Yusnizan Builds A New Home Through Mums for Life Programme
Meet Yusnizan Md Taib, an ordinary mom to an 18-year-old daughter, and a 10-year-old son. As we uncover her story, Yusnizan turns out to be a super mom. She works full-time in the IT Logistics industry, while volunteering with COMPASS (Community of Parents in Support of Schools), and acting as a Parent Support Group mentor for schools in her school zone in the West. All these while wearing many other hats and being mother to her two children.
Yet Yusnizan says, “The period (from 2013-2017) when my daughter was in secondary school coincided with a time when I was at my most toxic. At the time I was working as an assistant warehouse manager in a toxic environment and I was carrying this home and talking down a lot to my daughter.
My daughter being an introvert just takes whatever verbal abuse that I give her. We could be having dinner and I might ask her “How’s your day?” and something in her story that I didn’t agree with would spark a scolding from me, even in front of my son or my helper. That carried on every day for a good number of years. In my heart, I felt like I needed to correct her.”
Yusnizan relates this impulse for correction to her line of work in logistics, where her role in a warehouse distribution centre was constantly to identify and rectify mistakes.
Realisation
A couple of years later, Yusnizan could see that her teen daughter was not confident. “Because I’m always talking down to her, and not making her feel worthy about herself. And that was the environment that I was in, and I knew it’s wrong but I did not know how to get out of it.”
By 2018, she joined a new company in a new position. It was then that she settled into becoming calmer, even as she took on a job that presented a steep learning curve. She also decided to work on herself and her family relationships.
“I did a lot of soul searching, but not wanting to spend money on a coach, I was looking out for programmes. First I signed up with SG Families.” Eventually, she was connected to Carol Loi from Mums for Life who told Yusnizan about the Heart Of a Mother Experience (HOME) – a 7-week programme, for mothers to seek healing and wholeness and fulfilment.
“The first few modules helped me to explore how I was parented. This reflective process was gradual.” Suffice to say, Yusnizan discovered that much of the way she was parenting stemmed from not being healed from how she herself was parented as a child. Nevertheless, she stresses that her own mother was a good mum. It was just that family dynamics and comparisons with her “better” siblings left her with unresolved pain, especially of “not being good enough”.
Wiping the slate clean
Yusnizan shares a key milestone in her restoring her relationship with her daughter (last year when she was 17), “One part of the HOME Programme is the “homework” portion, where I had to recognise and acknowledge pain. Then I had a one-hour heart to heart talk with my daughter and I shared about my relationship with my own mom in detail that I had not done before.
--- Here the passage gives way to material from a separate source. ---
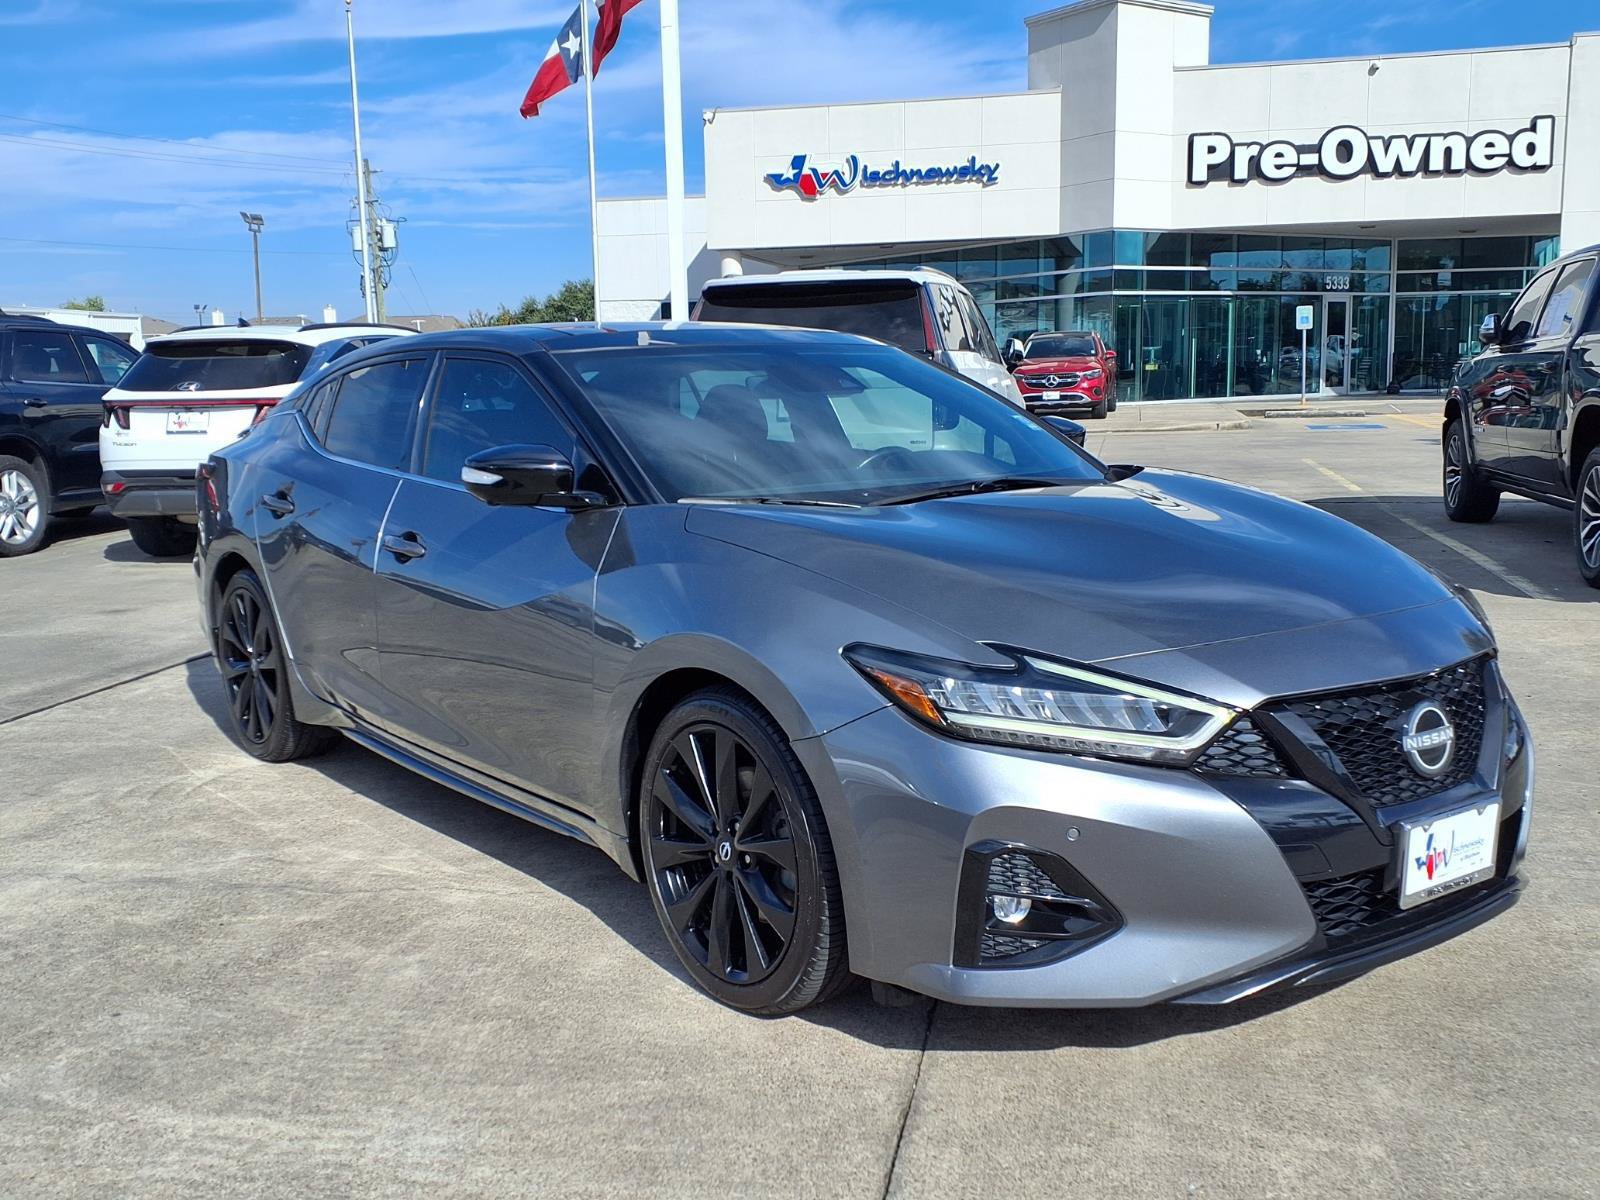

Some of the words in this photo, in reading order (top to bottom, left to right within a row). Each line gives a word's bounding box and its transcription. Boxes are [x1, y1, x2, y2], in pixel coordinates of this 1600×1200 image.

At the end of it, I apologised to my daughter for projecting, making her feel “not enough”, for my looks of disapproval, and other disapproving signals.” This homework helped her to begin repairing their strained relationship. The result was that Yusnizan and her daughter now have a clean slate to work from.
Working the other way, Yusnizan was also able to talk to her own mother and deepen their bond.
Today, she works hard to hold her tongue when her daughter confides in her. Yusnizan says, “When I go out with her for makan* (she likes to eat), and when we are out walking, she will talk and I will listen. I make it a conscious effort to do this every week. I never did this before, and I realise that it helps. She shares with me her perspectives, her world, her concerns. Then I DON’T talk. This is a conscious effort to NOT SAY ANYTHING.
Turning to a real HOME again
Yusnizan is thankful for the HOME programme, but it comes with a caveat, she says, “You need to be present. If you’re distracted, it will not work. In a sense, that’s what Mums for Life is all about – being present. That way, you achieve the full benefit of whole relationships with your family, your children.”
Over the months, as Yusnizan practiced holding her tongue with her daughter, and giving the latter space to share and speak her mind, she eventually recognised her mother’s effort, telling Yusnizan, “Thanks for listening to me, I realised that you have changed.”
*Makan – Malay for “food” or “a meal”.